Bristol-Myers Squibb’s drug trial fails to meet primary endpoint

27th November 2018 (Last Updated November 27th, 2018 00:00)

Bristol-Myers Squibb has reported that the Phase III CheckMate -451 study failed to meet its primary endpoint of overall survival (OS) with opdivo (nivolumab) as a maintenance therapy in patients with extensive-stage small cell lung cancer (SCLC) after completion of first-line chemotherapy.

Bristol-Myers Squibb’s drug trial fails to meet primary endpoint
Histopathologic image of small cell carcinoma of the lung. Credit: KGH.

Bristol-Myers Squibb has reported that the Phase III CheckMate -451 study failed to meet its primary endpoint of overall survival (OS) with opdivo (nivolumab) as a maintenance therapy in patients with extensive-stage small cell lung cancer (SCLC) after completion of first-line chemotherapy.

The trial was carried out with opdivo in combination with yervoy (ipilimumab) versus placebo as a maintenance therapy.

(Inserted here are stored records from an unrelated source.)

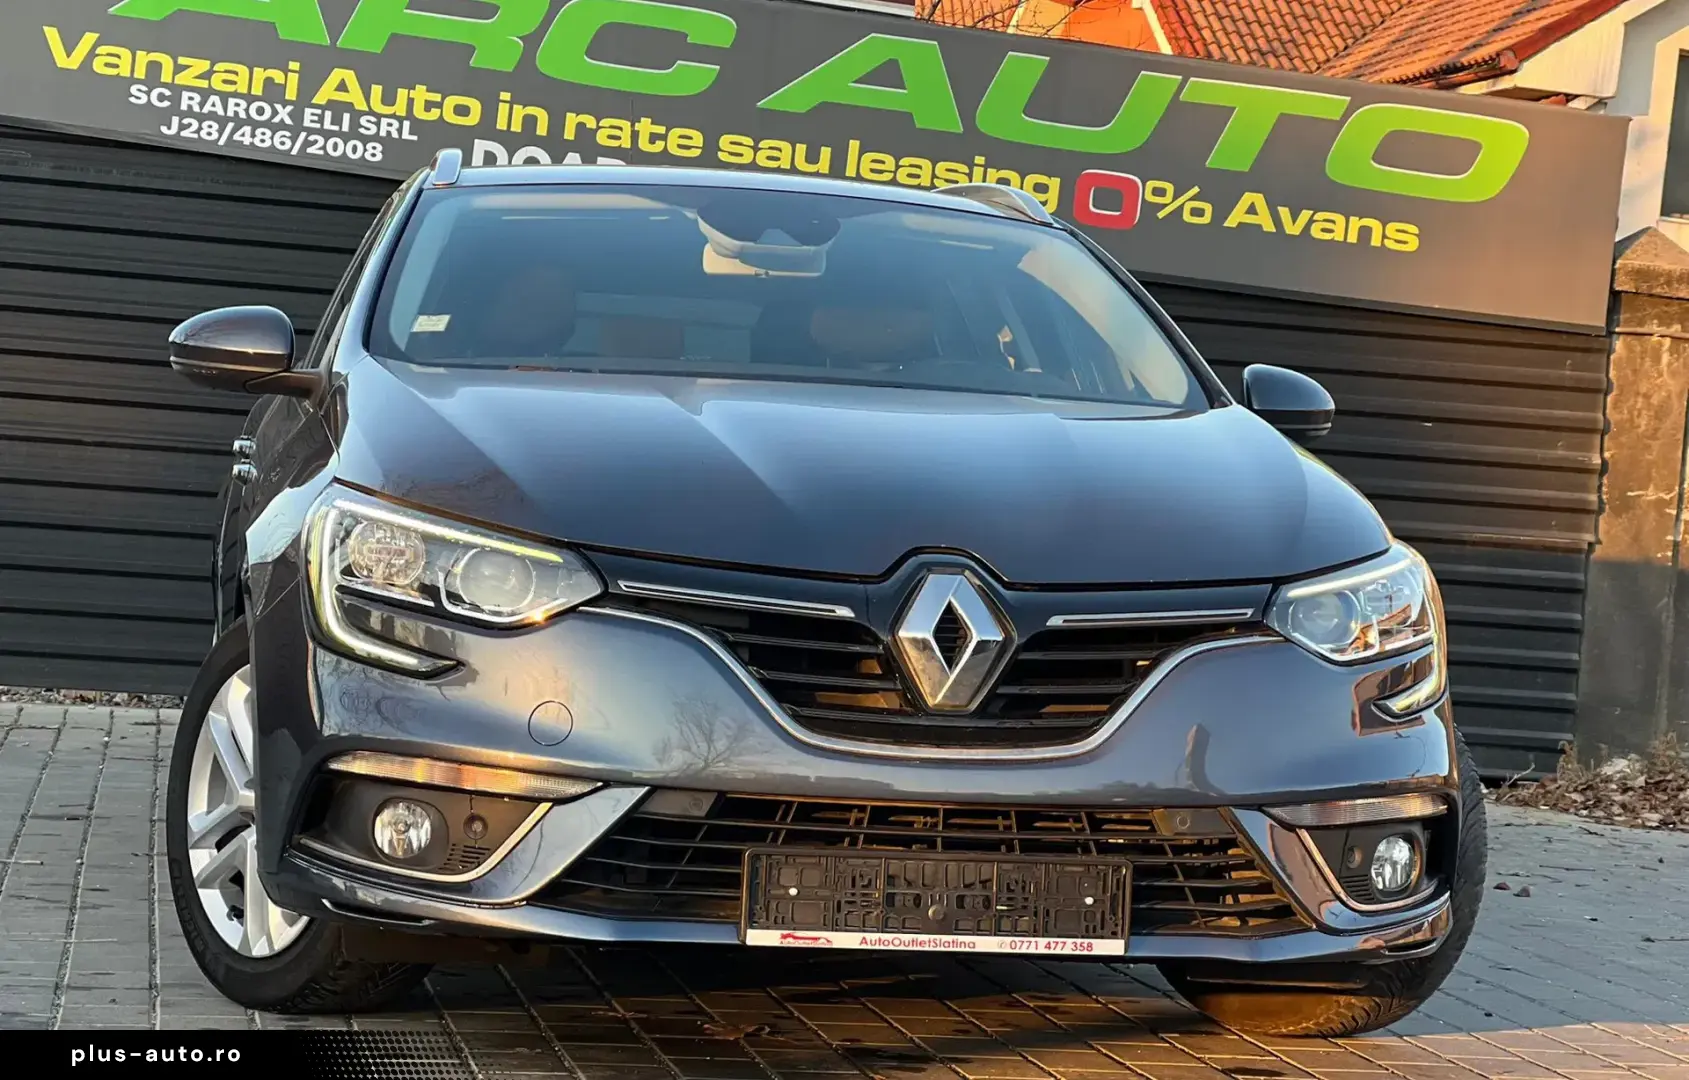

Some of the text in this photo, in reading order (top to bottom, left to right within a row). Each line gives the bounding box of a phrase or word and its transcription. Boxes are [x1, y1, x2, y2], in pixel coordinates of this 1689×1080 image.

[42, 25, 300, 101] Vanzari
[311, 67, 483, 127] Auto
[496, 91, 549, 137] in
[563, 111, 704, 158] rate
[717, 133, 832, 174] sau
[845, 139, 1061, 214] leasing
[1223, 191, 1420, 252] Avans
[128, 84, 418, 141] SC RAROX ELI SRL
[160, 115, 384, 162] J28/486/2008
[757, 32, 1529, 203] AUTO
[859, 935, 976, 950] AutoOutletSlatina
[1009, 939, 1094, 953] 0771 477 358

Bristol-Myers Squibb did not observe any new safety signals with opdivo 1mg/kg plus yervoy 3mg/kg.

The company will work with study investigators on the publication of these results in the future.

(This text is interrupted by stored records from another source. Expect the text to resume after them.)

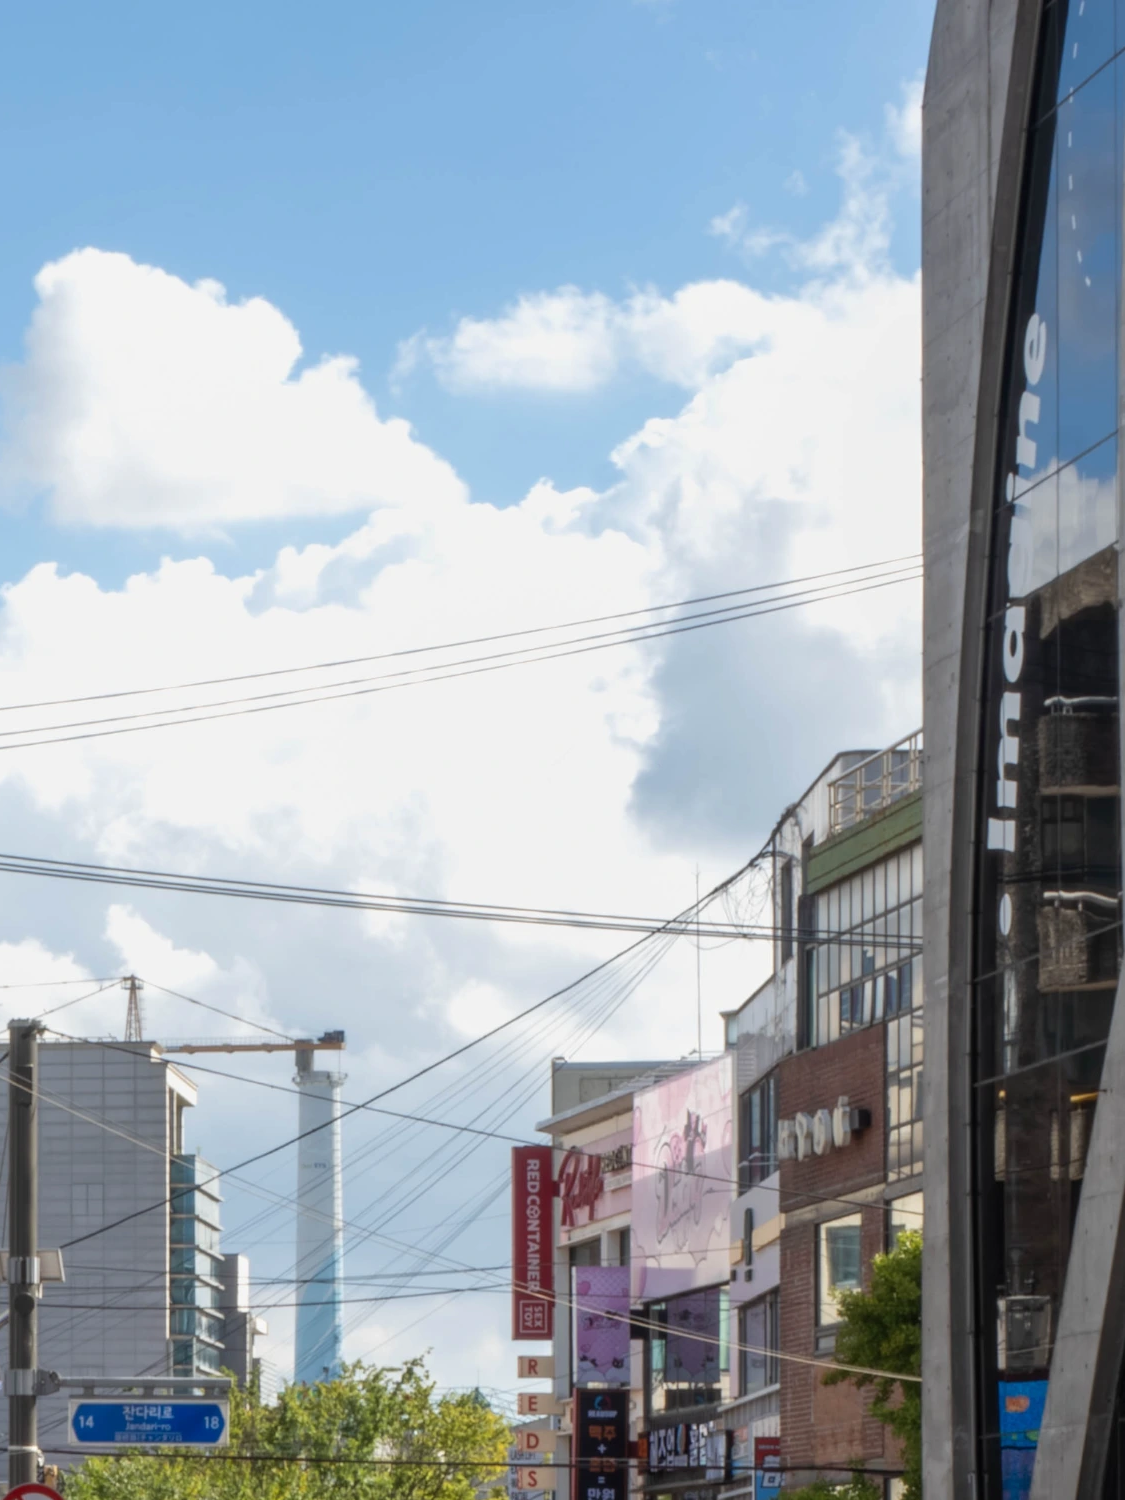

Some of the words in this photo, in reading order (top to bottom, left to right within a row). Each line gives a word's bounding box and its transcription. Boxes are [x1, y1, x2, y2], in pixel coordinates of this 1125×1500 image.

[527, 1159, 540, 1193] RED
[526, 1195, 541, 1292] CONTAINER
[525, 1306, 533, 1328] TOY
[533, 1306, 543, 1328] SEX
[79, 1415, 94, 1428] 14
[122, 1405, 174, 1421] 잔다리로
[204, 1416, 219, 1429] 18
[125, 1422, 171, 1432] Jandari-ro

Lung cancer results in nearly 1.8 million deaths every year according to the World Health Organization.

"SCLC is one of two main types of lung cancer and accounts for roughly 10% to 15% of all lung cancers."

SCLC is one of two main types of lung cancer and accounts for roughly 10% to 15% of all lung cancers. Its symptoms often go undetected until the disease reaches an advanced stage.

The programmed death-1 (PD-1) immune checkpoint inhibitor opdivo helps restore anti-tumour immune response by harnessing the body’s own immune system.

More than 25,000 patients have been enrolled in the opdivo clinical development programme to date and the trials have contributed to obtaining a deeper understanding of the potential role played by biomarkers in patient care.

The candidate obtained regulatory approval in July 2014 and is currently approved in more than 65 countries, including the US, Japan and China.

In October 2015, the opdivo and yervoy combination regimen became the first immuno-oncology combination to receive regulatory approval to treat metastatic melanoma.